Do you foresee a new role in organizations that specifically manages AI Risk?

This is a question that will see a lot of differing opinions. Our take on this is that because of the large scale, the universality and the specific expertise needed in AI, we think that organizations will end up needing to create a new role that manages AI risk specifically. Risk Management or Information Security will certainly have a role, and there will need to be a form of collaboration and good communication among those departments as well. It’s likely in that instance that the “head of AI risk” would have a dotted-line relationship to the “head of risk”, but may report directly to the “head of info security”. Please keep in mind that this is one opinion, and this perspective will be contested for years to come.

 

Try another language? Here's a question in Spanish: A que edad me puedo retirar?

We are sorry we did not have time to test this question. I do believe it would have succeeded in answering the question. ChatGPT is capable of translation in over 95 languages including Spanish. It was very interesting for us to see the training data in English processed by the Chatbot tool, followed by questions and responses in French. 

 

A large problem in DB administration is unlocatable plan members. Can Al play a role in locating members?

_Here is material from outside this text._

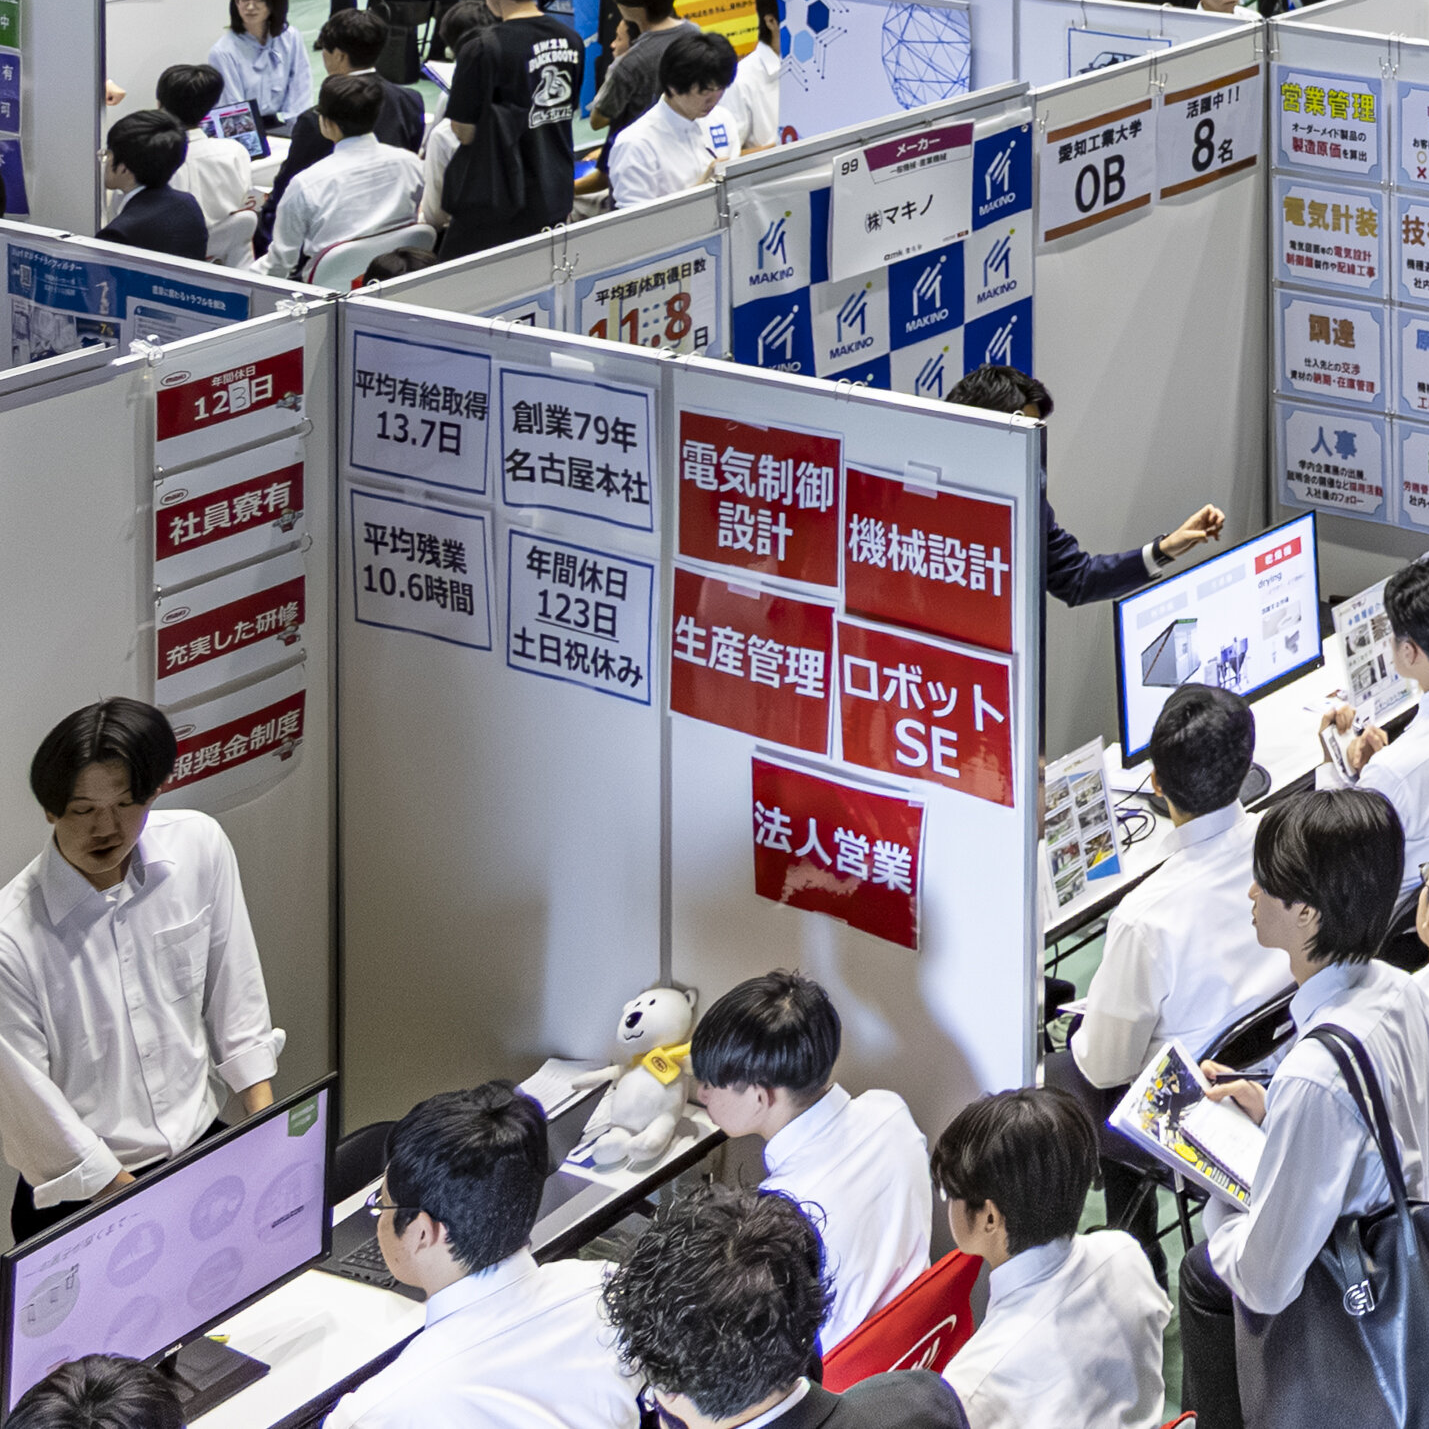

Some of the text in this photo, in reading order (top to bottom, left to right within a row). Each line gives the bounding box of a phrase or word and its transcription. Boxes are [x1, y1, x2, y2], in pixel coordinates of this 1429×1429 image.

This is a fascinating use case. This is a likely scenario where AI could help; however, it’s questionable whether the tools commercially available would be able to address all of the requirements (ranging from the basic functionality to addressing all of the member data security risks) today. The rate of change/improvement is tremendous, though, and we think this type of use case could be addressed as soon as nine months from now. One example of AI impacting this is AI assisting in the development locating lost deferred members, proof of life/death match likelihood algorithms that the vendors (E.g., PBI, Berwyn, Pentor Charity Services) use to confirm if a member is alive or may have passed away. It could be a tool purpose built for this to find new patterns that may not be detected in the data today.